** What is needed **
Reproduce word for word every line of the entries below, from the line containing "this 2212×1659 image." through the final line, and nothing else.

*** Begin section ***

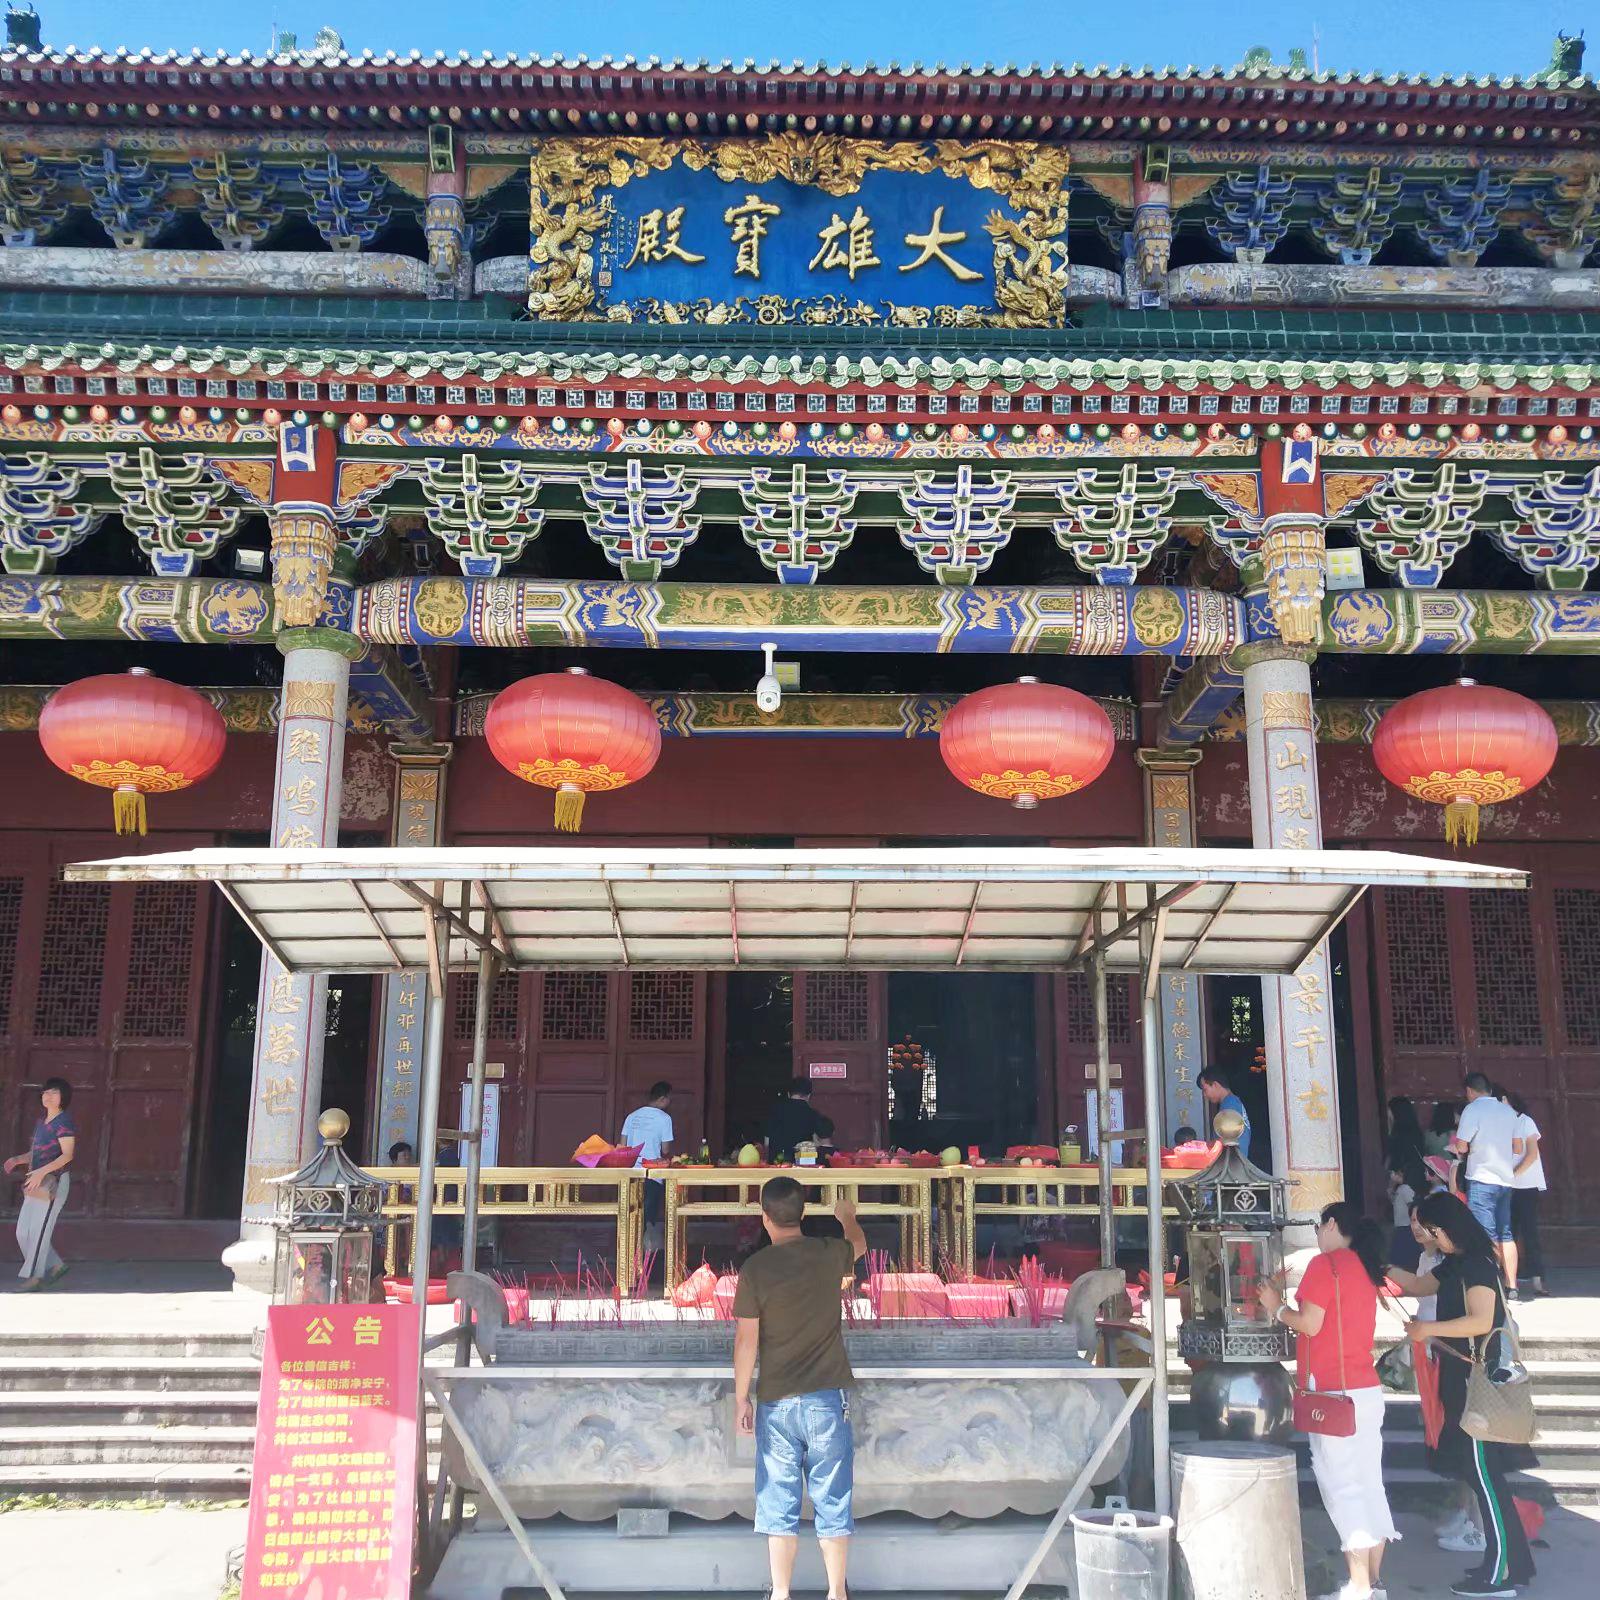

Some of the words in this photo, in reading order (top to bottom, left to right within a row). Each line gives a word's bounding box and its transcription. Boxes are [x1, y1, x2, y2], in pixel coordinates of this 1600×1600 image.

[625, 194, 984, 281] 大雄寶殿
[305, 1316, 383, 1345] 公告
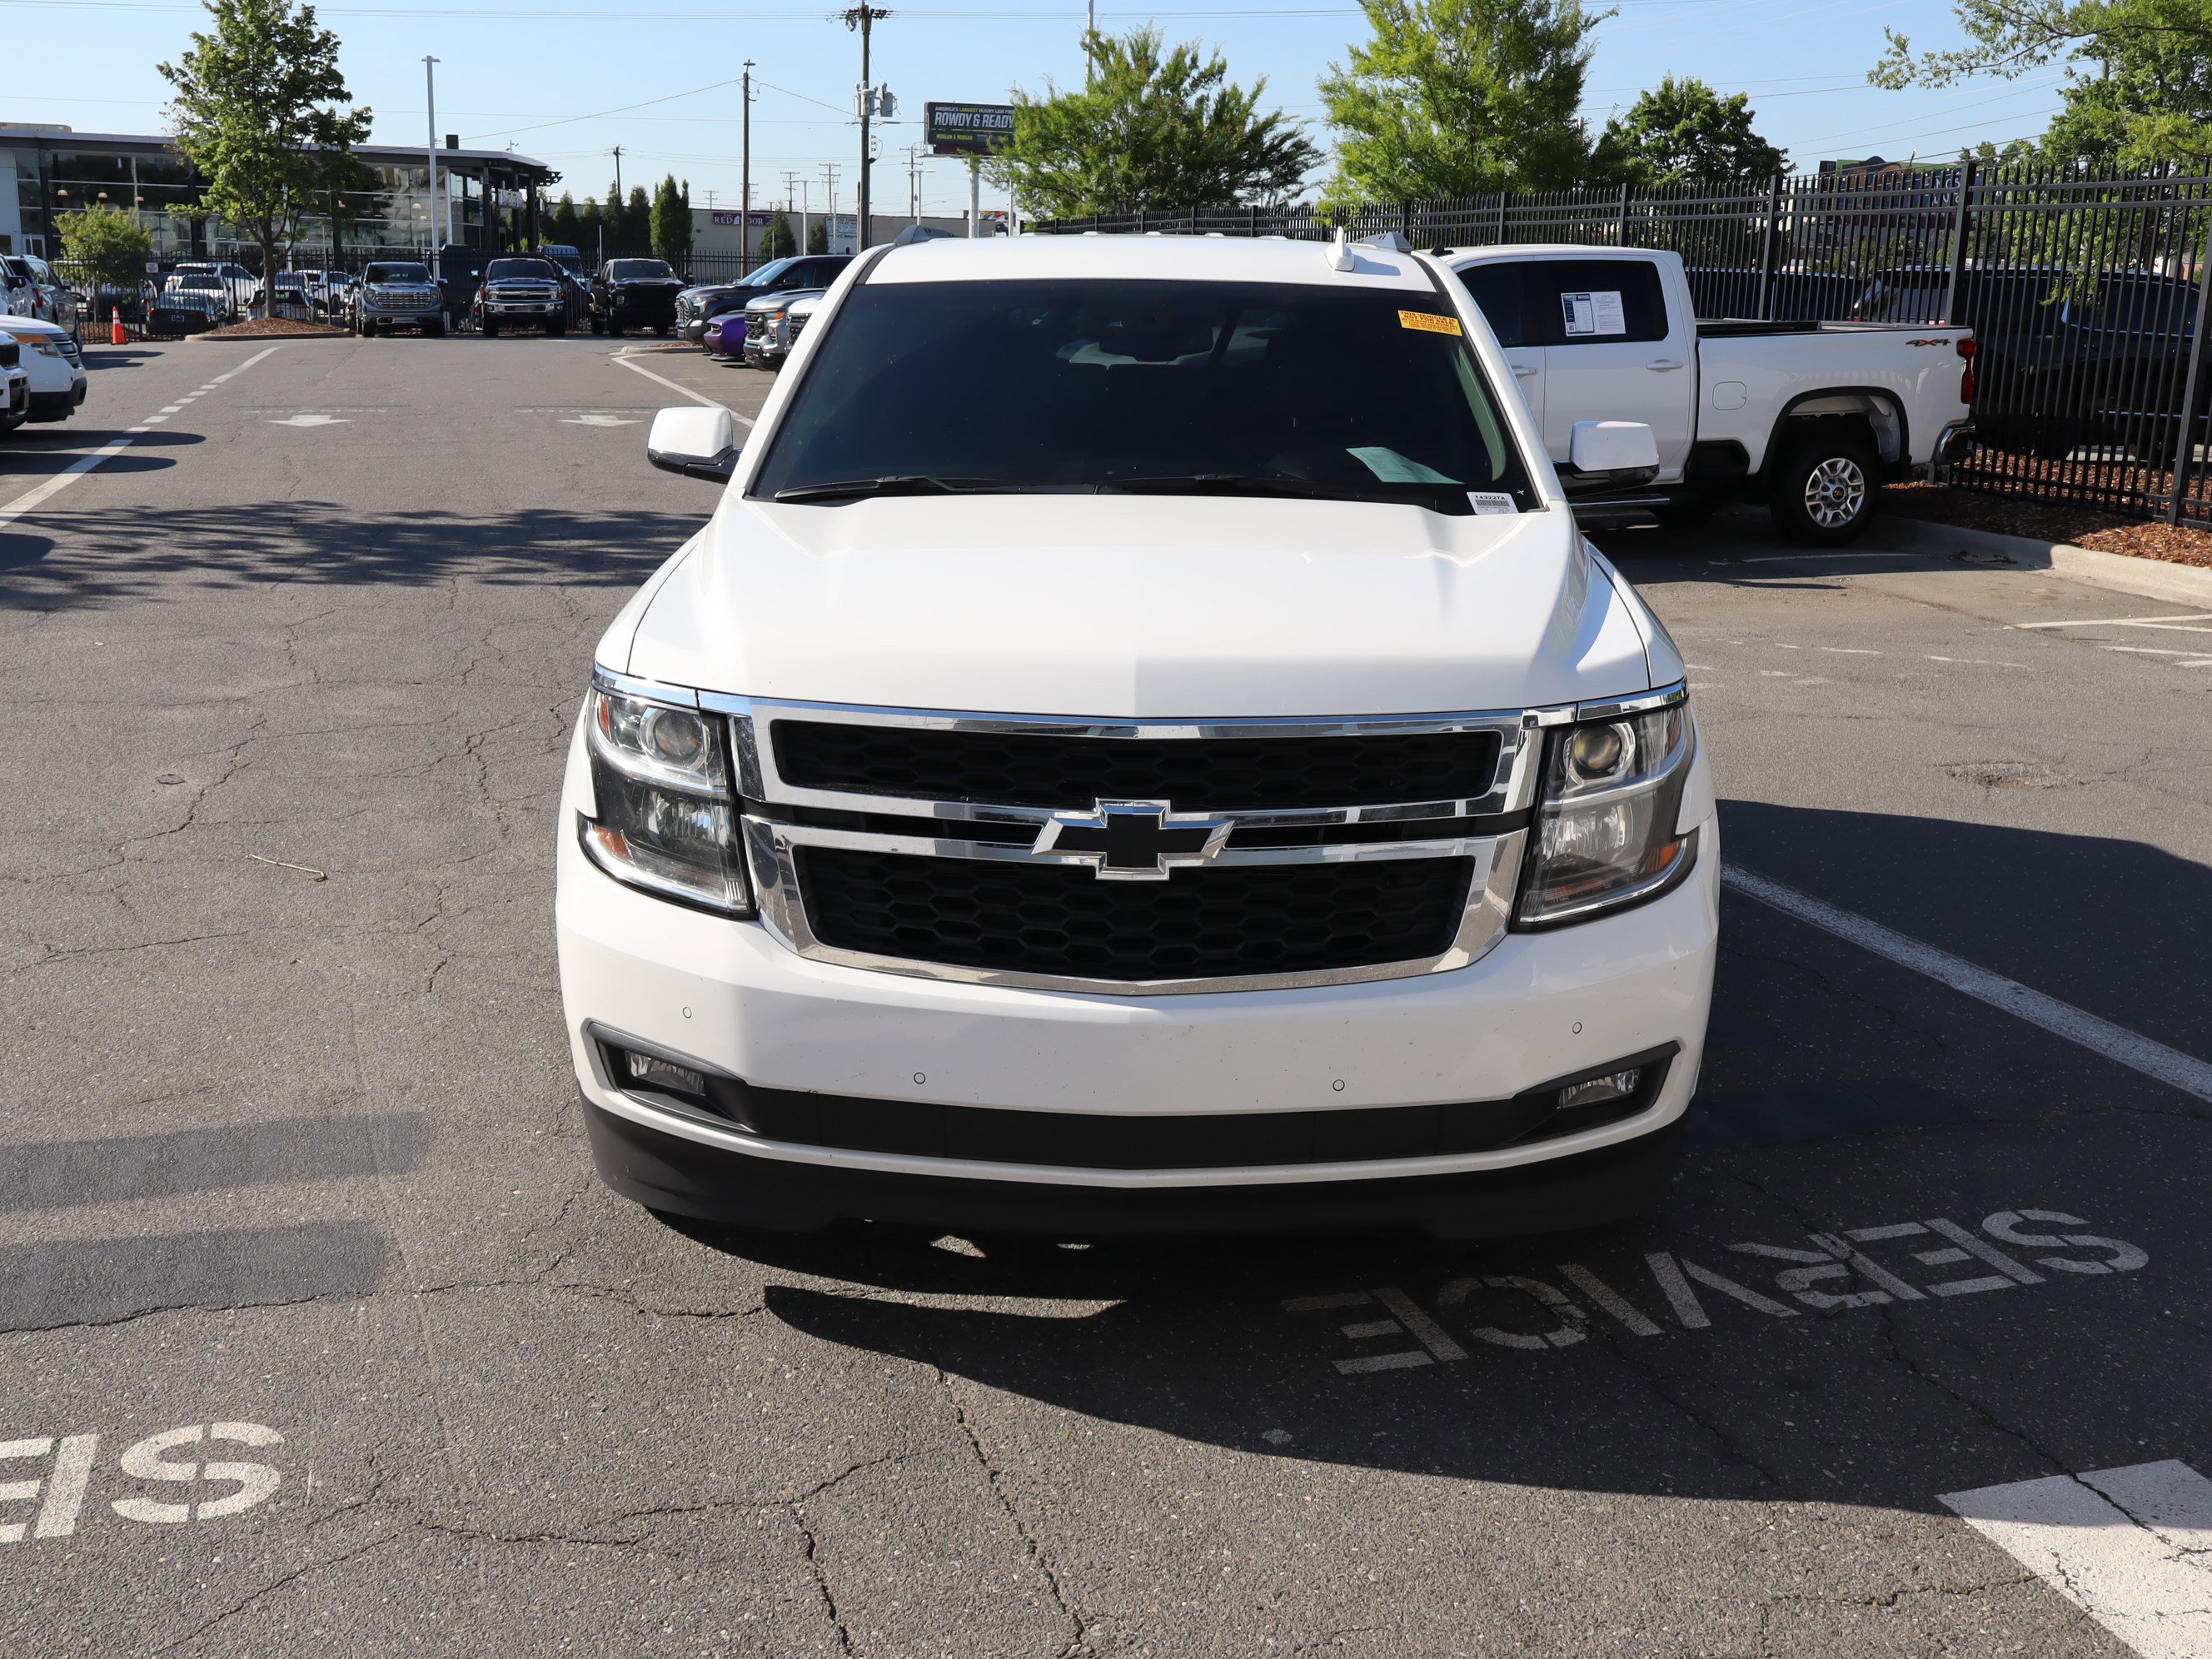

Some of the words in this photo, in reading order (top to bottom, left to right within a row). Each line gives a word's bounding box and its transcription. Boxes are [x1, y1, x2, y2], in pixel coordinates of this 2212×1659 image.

[934, 112, 972, 127] ROWDY
[973, 113, 980, 127] &
[982, 114, 1014, 128] READY
[1281, 1208, 2150, 1376] SERVICE

*** End section ***

** Answer box **
Some of the words in this photo, in reading order (top to bottom, left to right within a row). Each line gives a word's bounding box and its transcription. Boxes are [x1, y1, x2, y2], in pixel coordinates of this 2212×1659 image.

[934, 112, 972, 127] ROWDY
[973, 113, 980, 127] &
[982, 114, 1014, 128] READY
[1281, 1208, 2150, 1376] SERVICE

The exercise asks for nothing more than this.